Da dama dell’800 a caciocavallo il passo è breve. Perdo la mia amica commessa nel giro di due vestiti. Non mi fa provare quelli che mi piacciono, mi fa provare quelli in cui sembro evidentemente incinta. 5 mesi buoni! Con nonchalance parla di vestiti a sirena: Ok la 42! Anche la 44 va bene ma su una 48 diventano in realtà vestiti a balena (parole sue). Poi i complimenti diventano colossal delle stronzate “sei così bella che a te serve un abito che sia un contorno alla perfezione”. Se… ciaone! T’ho persa per sempre.

Per fortuna, nell’altra stanza le mie amiche mi comprendono e dispensano consigli: sembrano un centrifugato della mia mamma.
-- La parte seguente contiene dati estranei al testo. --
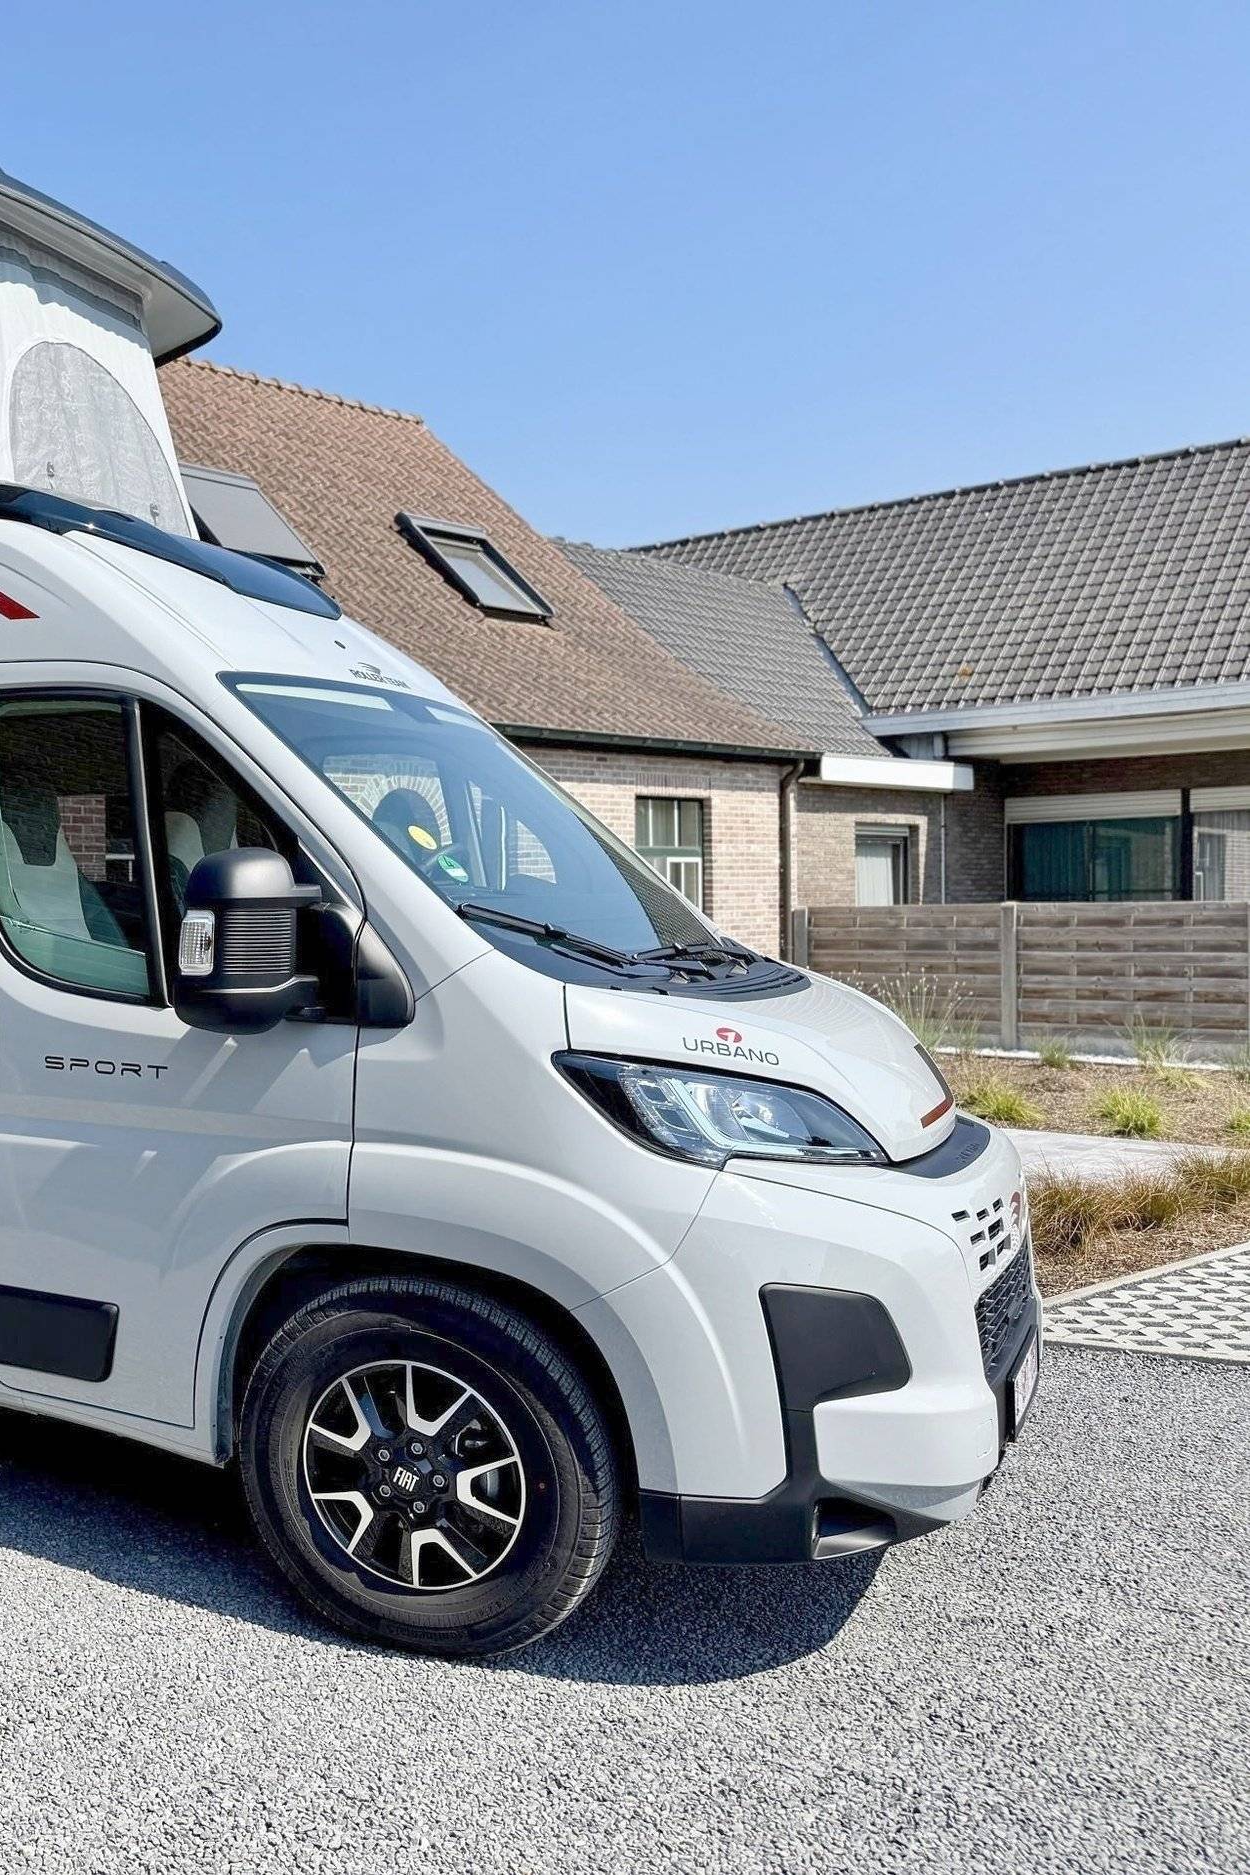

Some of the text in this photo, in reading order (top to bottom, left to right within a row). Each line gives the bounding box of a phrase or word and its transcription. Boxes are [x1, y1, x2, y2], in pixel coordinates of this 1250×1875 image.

Per finire raggiungiamo l’apoteosi quando la mia ex amica commessa ben pensante crede che un velo possa smuovermi dentro quell’emozione che racchiudo sin da bambina: mi fa indossare il velo.. oooohhhhhhhhhhh!

In maniera surreale passiamo da un atelier romano a una pista da ballo delle tipiche feste anni ’70 con il trenino e alla consolle “Disco Samba” (per i più pe pe peppeppepe pe pe peppeppepe, o Brigitte Bardobardò o ancora Brasil…). Il velo non mi smuove nulla, ma mi fa danzare davanti allo specchio come se fossi la reincarnazione di Batman!

E poi la magia..mi fanno notare il mio fondoschiena. Alto, sodo, perfetto! Sono una strafiga pazzesca. Io sono JESSICA RABBIT! (Con tanto di coniglio… Ma questa è un’altra storia e dovrete attendere un altro post).

La verità sui post del blog: La guerra dei Roses

Quanto è bella la vita di coppia, vivalammmmore, due cuori e una capanna, iocheamosolote.

Io e F. siamo molto mielosi, cuoricinicuoricini al limite del diabete, in questa fase di preparativi poi non ti dico. Stiamo fondamentale sul cazzo a tutti. E quanto amore c’è lo vogliamo scrivere nel blog, così ci vedono tutti che ci amiamo. Ed è tutto molto bello.
E poi succede che quando dobbiamo scrivere qualcosa sul blog ci accendiamo, ci lanciamo sguardi pieni di odio, penso a dove abbiamo messo i coltelli e quanto tempo occorre perché io possa chiudermi in bagno per fare il remake di “Shining”.
Ok è vero. Io sono disordinata, lui ordinato. Io amante del chissenefrega, lui della precisione. Io scrivo, lui corregge. Si mette sulla cattedra e mi ricorda quella stronza della mia maestra che alle scuole elementari mi consegnava il compito pieno di correzioni con la penna rossa.
Succede che l’amore se ne va a farsi fottere e ci odiamo, pensiamo a come ucciderci, il sangue bolle e da Kubrick si passa a Sergio Leone. Un duello all’ultimo sangue, la tensione sale e abbiamo uno di fronte all’altra il peggior nemico di sempre.

…E stasera a fomentare le nostre divergenze c’è pure Roma-Inter!